È questo il criterio con cui la rete chiede alle istituzioni di affrontare anche la prossima riscrittura del Codice della Strada, che non può non passare anche dal coinvolgimento delle realtà associative. L’Italia dispone oggi delle evidenze e delle tecnologie necessarie per ridurre in modo deciso morti e feriti sulle strade: è il momento di orientare finalmente norme e politiche pubbliche a questo obiettivo, la “Vision Zero” . Siamo lontani, siamo lenti nella riduzione delle vittime.
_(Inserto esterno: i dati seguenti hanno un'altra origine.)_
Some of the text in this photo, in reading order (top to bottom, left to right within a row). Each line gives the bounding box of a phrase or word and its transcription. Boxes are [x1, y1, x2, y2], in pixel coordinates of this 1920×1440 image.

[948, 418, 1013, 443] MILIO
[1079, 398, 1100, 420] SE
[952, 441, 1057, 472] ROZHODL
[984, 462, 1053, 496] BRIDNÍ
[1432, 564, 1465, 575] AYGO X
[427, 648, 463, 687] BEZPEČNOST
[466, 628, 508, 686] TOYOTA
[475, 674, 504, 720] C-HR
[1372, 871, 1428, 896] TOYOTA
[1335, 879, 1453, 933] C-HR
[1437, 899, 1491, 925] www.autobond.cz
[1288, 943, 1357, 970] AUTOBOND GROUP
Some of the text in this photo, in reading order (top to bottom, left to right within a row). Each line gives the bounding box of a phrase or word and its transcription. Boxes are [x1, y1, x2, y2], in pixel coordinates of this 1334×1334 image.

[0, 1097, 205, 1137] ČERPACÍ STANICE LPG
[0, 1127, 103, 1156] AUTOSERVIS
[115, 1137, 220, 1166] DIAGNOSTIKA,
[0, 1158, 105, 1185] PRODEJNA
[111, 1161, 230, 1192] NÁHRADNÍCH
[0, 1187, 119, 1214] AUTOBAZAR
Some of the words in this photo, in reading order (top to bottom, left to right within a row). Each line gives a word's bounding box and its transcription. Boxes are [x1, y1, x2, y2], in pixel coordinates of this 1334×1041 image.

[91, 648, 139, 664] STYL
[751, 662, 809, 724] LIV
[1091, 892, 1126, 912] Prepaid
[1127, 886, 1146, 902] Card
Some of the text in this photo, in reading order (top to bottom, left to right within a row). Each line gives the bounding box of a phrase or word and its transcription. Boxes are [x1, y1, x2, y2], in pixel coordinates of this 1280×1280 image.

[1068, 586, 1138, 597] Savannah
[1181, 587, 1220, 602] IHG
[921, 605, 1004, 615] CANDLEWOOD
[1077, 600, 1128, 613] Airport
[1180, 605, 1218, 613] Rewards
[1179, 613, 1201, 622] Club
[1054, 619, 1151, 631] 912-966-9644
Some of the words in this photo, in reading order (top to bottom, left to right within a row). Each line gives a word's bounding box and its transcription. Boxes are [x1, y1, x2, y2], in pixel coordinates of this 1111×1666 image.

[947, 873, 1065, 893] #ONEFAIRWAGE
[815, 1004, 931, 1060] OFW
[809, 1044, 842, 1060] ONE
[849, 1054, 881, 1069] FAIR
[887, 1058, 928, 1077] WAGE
Molti Paesi sono sulla buona strada, ora tocca anche a noi.
Rete Italiana Mobilità Equa (RIME)
RIME unisce più di 30 associazioni e organizzazioni che rappresentano la sicurezza stradale e le vittime sulla strada, la mobilità attiva, il trasporto pubblico e la qualità dello spazio pubblico in Italia.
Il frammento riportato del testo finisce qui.